DIRECTIONS ::
Each and every line below goes into your answer unchanged, but leave out the images.
:: MATERIALS PROVIDED ::
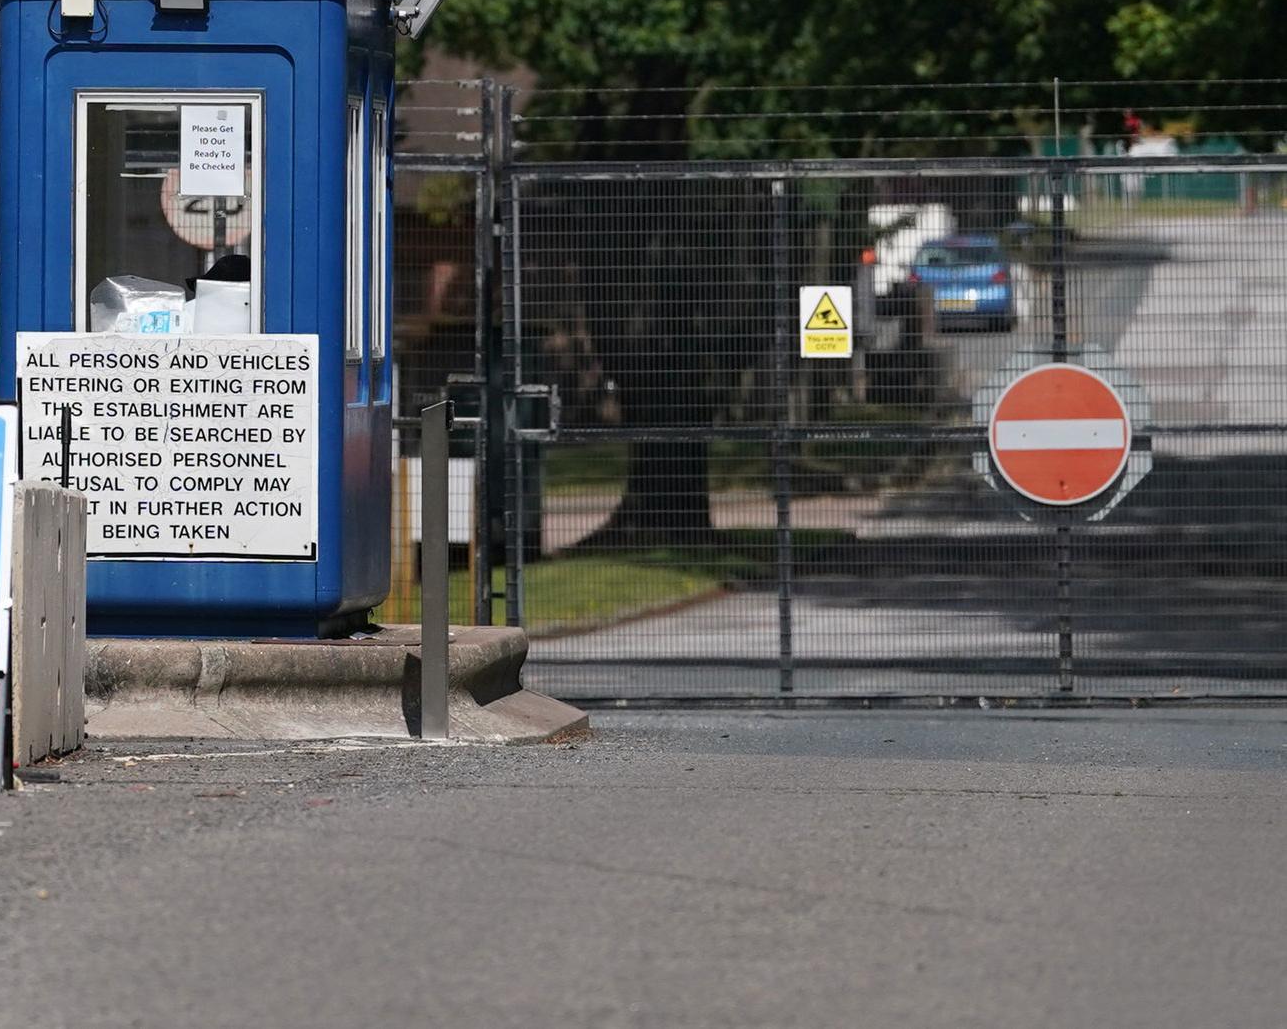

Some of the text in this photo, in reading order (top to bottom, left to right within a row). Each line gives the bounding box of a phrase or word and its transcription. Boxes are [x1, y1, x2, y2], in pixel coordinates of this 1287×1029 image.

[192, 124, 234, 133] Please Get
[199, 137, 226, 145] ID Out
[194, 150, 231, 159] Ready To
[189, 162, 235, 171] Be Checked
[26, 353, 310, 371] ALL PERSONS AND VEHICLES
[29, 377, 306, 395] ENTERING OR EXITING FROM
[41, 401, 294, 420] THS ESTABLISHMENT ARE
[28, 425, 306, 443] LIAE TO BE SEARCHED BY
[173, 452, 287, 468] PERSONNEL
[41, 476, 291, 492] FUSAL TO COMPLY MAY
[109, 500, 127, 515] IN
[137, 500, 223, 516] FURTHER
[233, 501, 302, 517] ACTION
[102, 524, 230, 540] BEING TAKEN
:::
ANSWER SECTION ::
Some of the text in this photo, in reading order (top to bottom, left to right within a row). Each line gives the bounding box of a phrase or word and its transcription. Boxes are [x1, y1, x2, y2], in pixel coordinates of this 1287×1029 image.

[192, 124, 234, 133] Please Get
[199, 137, 226, 145] ID Out
[194, 150, 231, 159] Ready To
[189, 162, 235, 171] Be Checked
[26, 353, 310, 371] ALL PERSONS AND VEHICLES
[29, 377, 306, 395] ENTERING OR EXITING FROM
[41, 401, 294, 420] THS ESTABLISHMENT ARE
[28, 425, 306, 443] LIAE TO BE SEARCHED BY
[173, 452, 287, 468] PERSONNEL
[41, 476, 291, 492] FUSAL TO COMPLY MAY
[109, 500, 127, 515] IN
[137, 500, 223, 516] FURTHER
[233, 501, 302, 517] ACTION
[102, 524, 230, 540] BEING TAKEN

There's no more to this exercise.